"Spelling on the Stone" is a 1988 song about American musician Elvis Presley, recorded by an uncredited artist impersonating him. The song was released in response to a number of Elvis sightings after the singer's death. Upon the song's release, many radio listeners began to report sightings of the singer, while others questioned whether or not the song was actually recorded by Presley. In the years since, the recording has been attributed by some sources to Dan Willis, while others claim the authorship still to be unknown.

History
Following the death of Elvis Presley in 1977, a popular rumor within the music industry was that Presley had faked his death. In the years following, a number of Elvis sightings had occurred. Record label LS Records released the song "Spelling on the Stone" in late 1988 to capitalize on the popularity of the sightings. According to LS Records owner Lee Stoller, who produced the song, his daughter Tammy received the recording of the song in August 1988 from an anonymous man who arrived at the label's offices in a limousine. With distribution rights from Curb Records, LS Records released the song to radio by the end of 1988. The single release did not credit an artist. The title of the song refers to the fact that Presley's middle name Aron is misspelled "Aaron" on his tombstone, which at the time was a common argument against the singer's death. The song features an uncredited vocalist with a delivery similar to Presley's; it takes a first-person narrative purported to be from the singer's perspective, to suggest he had faked his death.

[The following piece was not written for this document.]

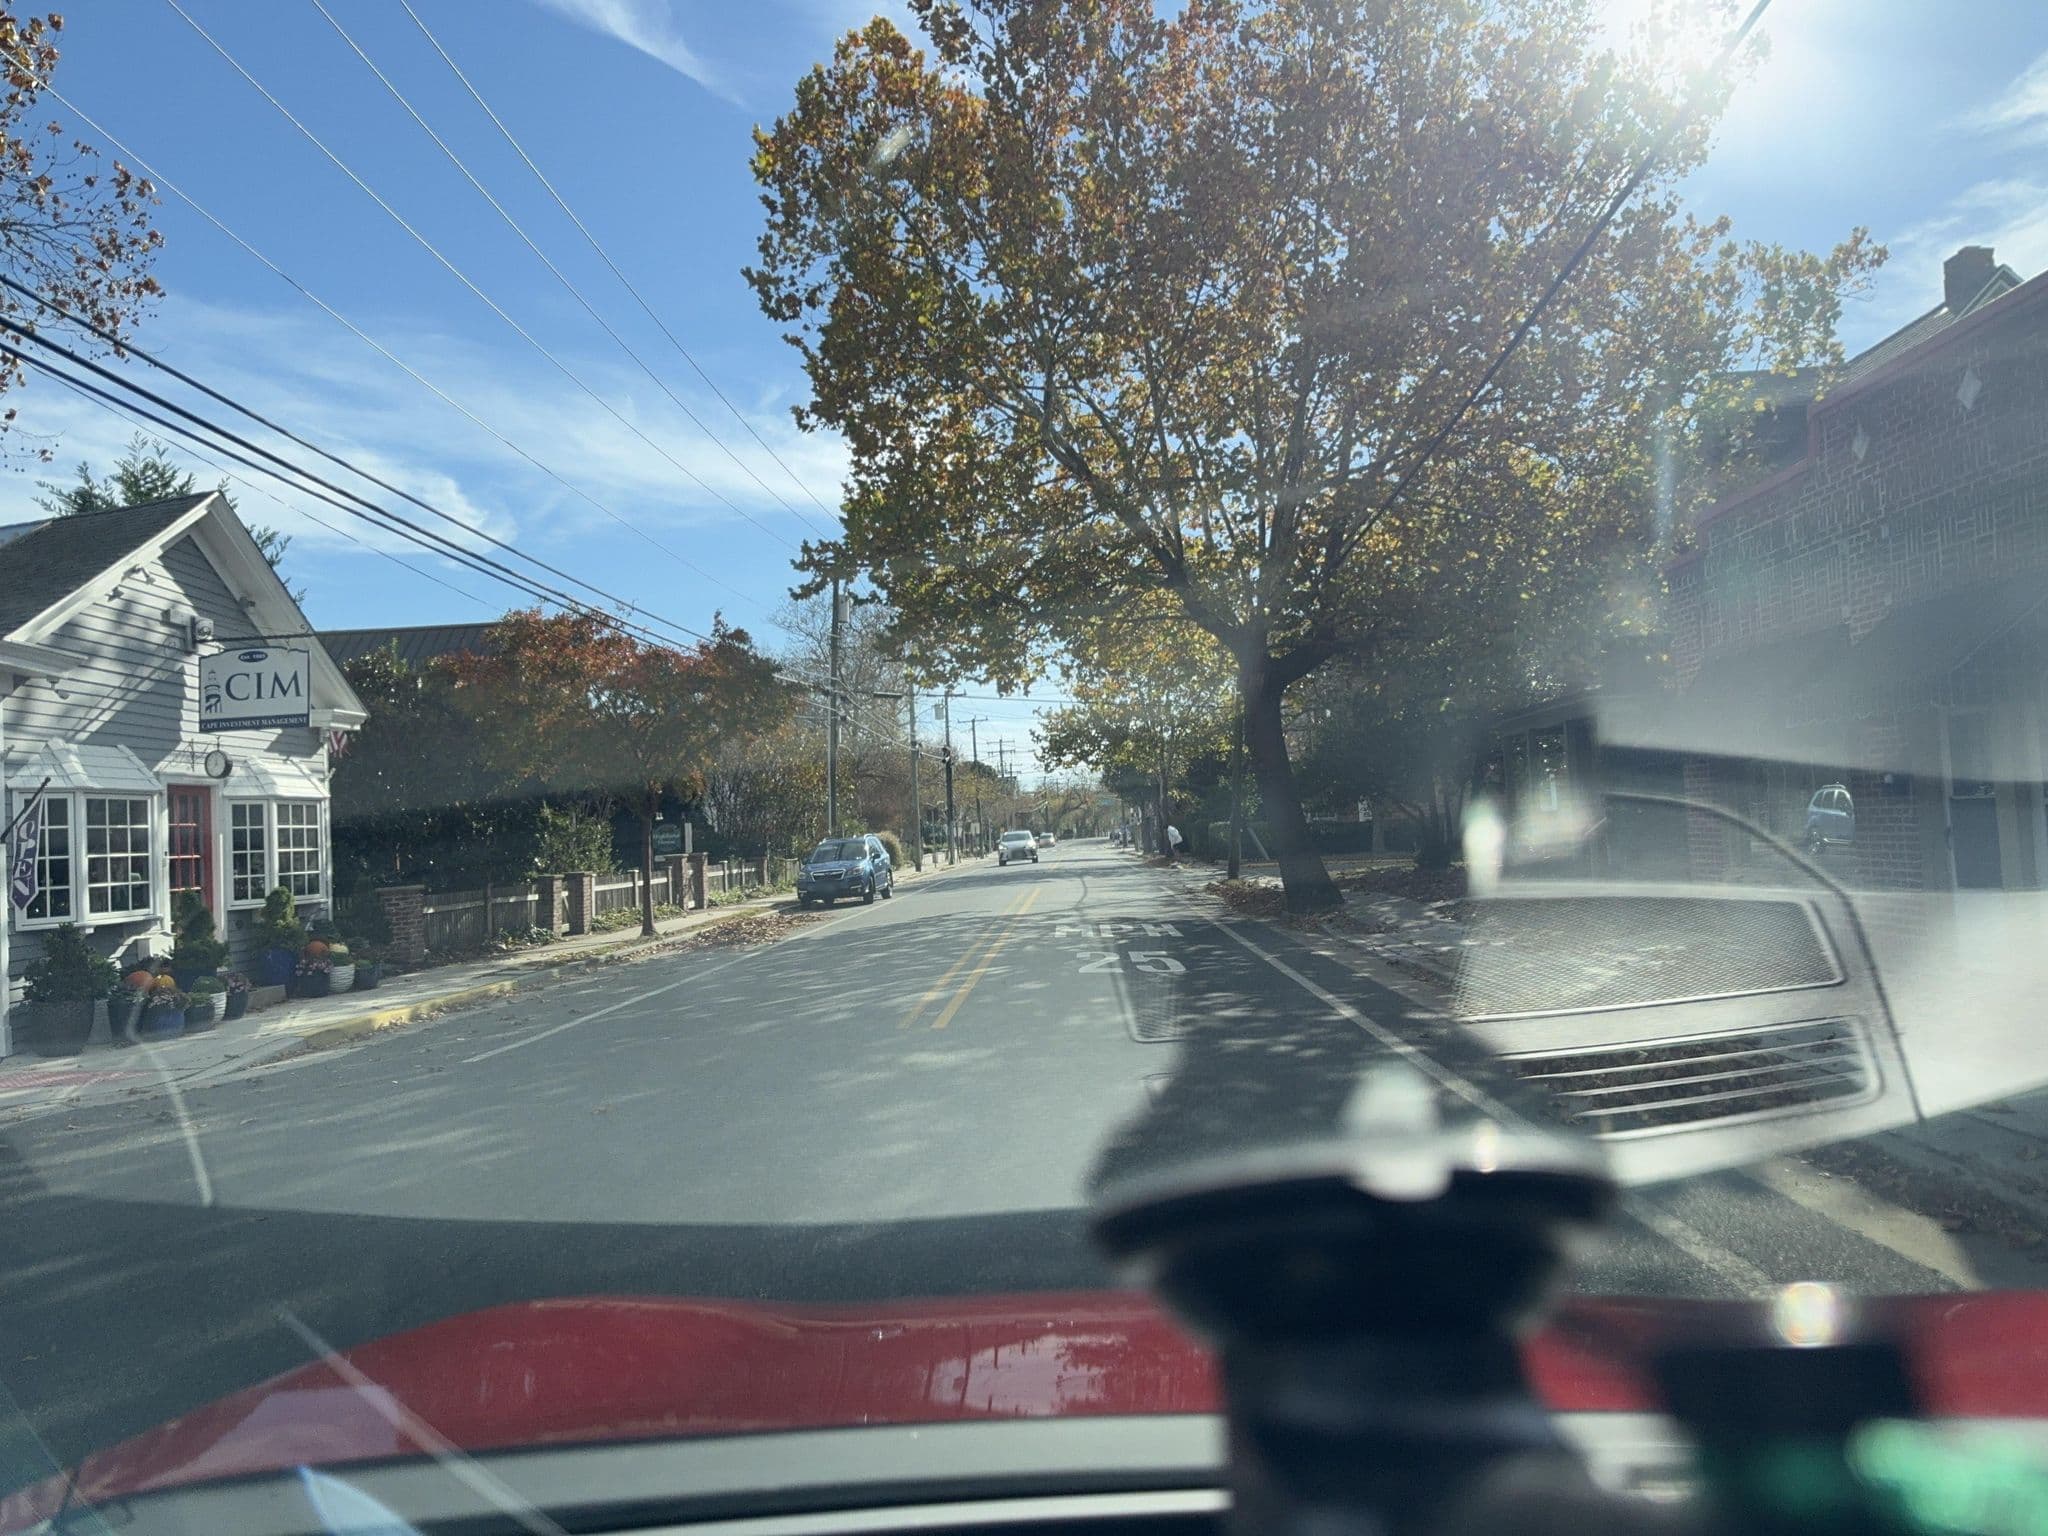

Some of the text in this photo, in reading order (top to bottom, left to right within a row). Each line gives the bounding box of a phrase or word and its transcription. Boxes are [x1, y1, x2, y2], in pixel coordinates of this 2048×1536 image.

According to an article in The Jersey Journal, when the song was played on WYNY (now WKTU), then a country music radio station in New York City, listeners immediately called the station to report sightings of the singer. At the time, the station's program director did not think the recording was actually by Presley. He thought the recording could have been done by Terry Stafford or Ronnie McDowell. The song was also popular at the radio station WNOE-FM in New Orleans, Louisiana. According to that station's program director, the single was delivered to the station by an anonymous figure in a pink Cadillac, and he received 47 calls from listeners after playing it for the first time. He also did not think the recording was actually Presley's vocals, but chose to play it because of the reception from listeners. Despite this, not all reception to the song was positive. An article published by The Canadian Press stated that radio station WCVG in Cincinnati, Ohio, then airing an "all-Elvis" format, refused to play the song as its program directors thought it was "definitely a hoax". Presley's ex-wife, Priscilla Presley, denied that the recording was of her husband as she thought he would not be "cruel enough to stage his death". Likewise, a media coordinator for Graceland, Presley's estate, called the song a "very cruel hoax". John Davis, then a professor of music theory at Stevens Institute of Technology in Hoboken, New Jersey, also did not think the recording was of Presley. He thought the vocal delivery had "too much vibrato" and "approaches a caricature of Elvis."

Impact and authorship
The airplay received by the single caused it to enter the Billboard Hot Country Songs charts, where it charted for four weeks between December 1988 and January 1989 with a peak of number 82. Following the release of the single, LS Records issued a full album also titled Spelling on the Stone, featuring various songs themed around Presley and again not crediting the artist.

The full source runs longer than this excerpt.